3 problems found
Prove, from the identities for \(\cos(A \pm B)\), that \[ \cos a \cos 3a \equiv \tfrac{1}{2}(\cos 4a + \cos 2a). \] Find a similar identity for \(\sin a \cos 3a\).
Solution: \begin{align*} && \cos(A \pm B) &= \cos A \cos B \mp \sin A \sin B \\ A = a, B = 3a&& \cos 4a + \cos 2a &= 2\cos 3a \cos a \\ \Rightarrow && \cos a \cos 3a &= \tfrac12(\cos 4a + \cos 2a) \\ \\ && \sin(A \pm B) &= \sin A \cos B \pm \cos A \sin B \\ && \sin 4a + \sin(- 2a) &= 2 \sin a \cos 3a \\ \Rightarrow && \sin a \cos 3a &= \tfrac12 (\sin 4a - \sin 2a) \end{align*}
Show that, for any integer \(m\), \[ \int_0^{2\pi} \e^x \cos mx \, \d x = \frac {1}{m^2+1}\big(\e^{2\pi}-1\big)\,. \]

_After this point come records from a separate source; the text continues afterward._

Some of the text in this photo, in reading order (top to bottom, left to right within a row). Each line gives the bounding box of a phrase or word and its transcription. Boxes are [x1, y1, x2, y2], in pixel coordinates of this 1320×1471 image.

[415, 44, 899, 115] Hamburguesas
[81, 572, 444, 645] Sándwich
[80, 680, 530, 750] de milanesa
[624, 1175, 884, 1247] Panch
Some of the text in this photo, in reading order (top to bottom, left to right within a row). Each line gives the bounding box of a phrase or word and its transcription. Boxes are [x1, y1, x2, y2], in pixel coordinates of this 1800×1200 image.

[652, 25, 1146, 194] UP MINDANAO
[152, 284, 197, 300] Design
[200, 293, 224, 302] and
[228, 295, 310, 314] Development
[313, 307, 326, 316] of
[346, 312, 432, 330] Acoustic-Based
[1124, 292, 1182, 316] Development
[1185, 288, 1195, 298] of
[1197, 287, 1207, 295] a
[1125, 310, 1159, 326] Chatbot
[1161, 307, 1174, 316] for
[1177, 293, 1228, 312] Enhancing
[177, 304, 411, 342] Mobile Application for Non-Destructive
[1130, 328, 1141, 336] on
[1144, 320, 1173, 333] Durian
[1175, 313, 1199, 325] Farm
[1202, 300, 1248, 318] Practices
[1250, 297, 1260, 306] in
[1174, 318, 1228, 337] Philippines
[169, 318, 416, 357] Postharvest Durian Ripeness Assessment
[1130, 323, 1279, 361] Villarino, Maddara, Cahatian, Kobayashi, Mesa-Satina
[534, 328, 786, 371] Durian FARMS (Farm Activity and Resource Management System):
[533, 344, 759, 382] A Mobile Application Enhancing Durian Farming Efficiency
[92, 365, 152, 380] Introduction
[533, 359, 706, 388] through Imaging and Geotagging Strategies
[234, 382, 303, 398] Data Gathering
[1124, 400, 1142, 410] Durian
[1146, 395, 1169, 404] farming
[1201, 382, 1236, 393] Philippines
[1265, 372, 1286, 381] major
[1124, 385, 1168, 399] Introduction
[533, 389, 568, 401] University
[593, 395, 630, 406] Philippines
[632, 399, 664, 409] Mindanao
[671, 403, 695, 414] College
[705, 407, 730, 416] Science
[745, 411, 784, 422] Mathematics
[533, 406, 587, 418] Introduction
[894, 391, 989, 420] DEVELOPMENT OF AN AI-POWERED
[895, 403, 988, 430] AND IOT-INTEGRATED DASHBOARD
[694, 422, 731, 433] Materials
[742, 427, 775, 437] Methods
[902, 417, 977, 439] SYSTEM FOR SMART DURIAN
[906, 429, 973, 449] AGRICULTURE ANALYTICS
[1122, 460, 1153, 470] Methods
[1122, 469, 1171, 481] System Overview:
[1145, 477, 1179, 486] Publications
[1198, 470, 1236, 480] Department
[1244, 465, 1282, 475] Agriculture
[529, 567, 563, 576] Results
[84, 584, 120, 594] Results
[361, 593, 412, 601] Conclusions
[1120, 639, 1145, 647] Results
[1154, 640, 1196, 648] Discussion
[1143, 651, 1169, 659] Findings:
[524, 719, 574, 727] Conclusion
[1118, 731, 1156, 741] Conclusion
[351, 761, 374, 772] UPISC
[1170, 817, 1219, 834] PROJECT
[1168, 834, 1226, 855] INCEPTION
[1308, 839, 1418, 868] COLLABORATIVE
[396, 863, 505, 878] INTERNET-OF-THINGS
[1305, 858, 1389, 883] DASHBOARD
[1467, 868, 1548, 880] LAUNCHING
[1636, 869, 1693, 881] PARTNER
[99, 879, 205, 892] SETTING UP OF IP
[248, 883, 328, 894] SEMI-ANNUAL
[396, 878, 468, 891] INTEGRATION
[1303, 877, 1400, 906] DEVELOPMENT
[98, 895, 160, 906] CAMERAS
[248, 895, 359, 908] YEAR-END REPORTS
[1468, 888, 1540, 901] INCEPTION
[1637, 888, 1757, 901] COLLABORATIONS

Solution: \begin{align*} && I &= \int_0^{2 \pi} e^{x} \cos m x \d x \\ &&&= \left [e^x \cos m x \right]_0^{2 \pi}-\int_0^{2 \pi} e^x m (-\sin mx) \d x\\ &&&= e^{2\pi}-1 + m\int_0^{2\pi}e^x \sin m x \d x \\ &&&= e^{2\pi}-1 + m\left [e^x \sin m x \right]_0^{2\pi} - m \int_0^{2\pi} e^x m \cos x \d x \\ &&&= e^{2\pi}-1+0 - m^2 I\\ \Rightarrow && (m^2+1)I &= e^{2\pi}-1 \\ \Rightarrow && I &= \frac{1}{m^2+1} (e^{2\pi}-1) \end{align*}
Given that \(\cos A\), \(\cos B\) and \(\beta\) are non-zero, show that the equation \[ \alpha \sin(A-B) + \beta \cos(A+B) = \gamma \sin(A+B) \] reduces to the form \[ (\tan A-m)(\tan B-n)=0\,, \] where \(m\) and \(n\) are independent of \(A\) and \(B\), if and only if \(\alpha^2=\beta^2+\gamma^2\). Determine all values of \(x\), in the range \(0\le x <2\pi\), for which:
Solution: \begin{align*} && \alpha \sin(A-B) + \beta \cos (A + B) &= \gamma \sin(A+B) \\ \Leftrightarrow && \alpha \sin A \cos B - \alpha \cos A \sin B + \beta \cos A \cos B - \beta \sin A \sin B &= \gamma \sin A \cos B + \gamma \cos A \sin B \\ \Leftrightarrow && \alpha \tan A - \alpha \tan B + \beta - \beta \tan A \tan B &= \gamma \tan A + \gamma \tan B \\ \Leftrightarrow && \beta \tan A \tan B +(\gamma-\alpha) \tan A + (\gamma +\alpha)\tan B&=\beta \\ \Leftrightarrow && \tan A \tan B +\left (\frac{\gamma-\alpha}{\beta} \right) \tan A + \left (\frac{\gamma +\alpha}{\beta} \right)\tan B&=1\\ \Leftrightarrow && \left ( \tan A + \left ( \frac{\gamma+\alpha}{\beta} \right) \right) \left ( \tan B + \left ( \frac{\gamma-\alpha}{\beta} \right)\right) - \frac{\gamma^2 - \alpha^2}{\beta^2}&=1\\ \Leftrightarrow && \left ( \tan A + \left ( \frac{\gamma+\alpha}{\beta} \right) \right) \left ( \tan B + \left ( \frac{\gamma-\alpha}{\beta} \right)\right) &= \frac{\beta^2+\gamma^2-\alpha^2}{\beta^2}\\ \end{align*} Which has the desired form iff \(\beta^2+\gamma^2 = \alpha^2\).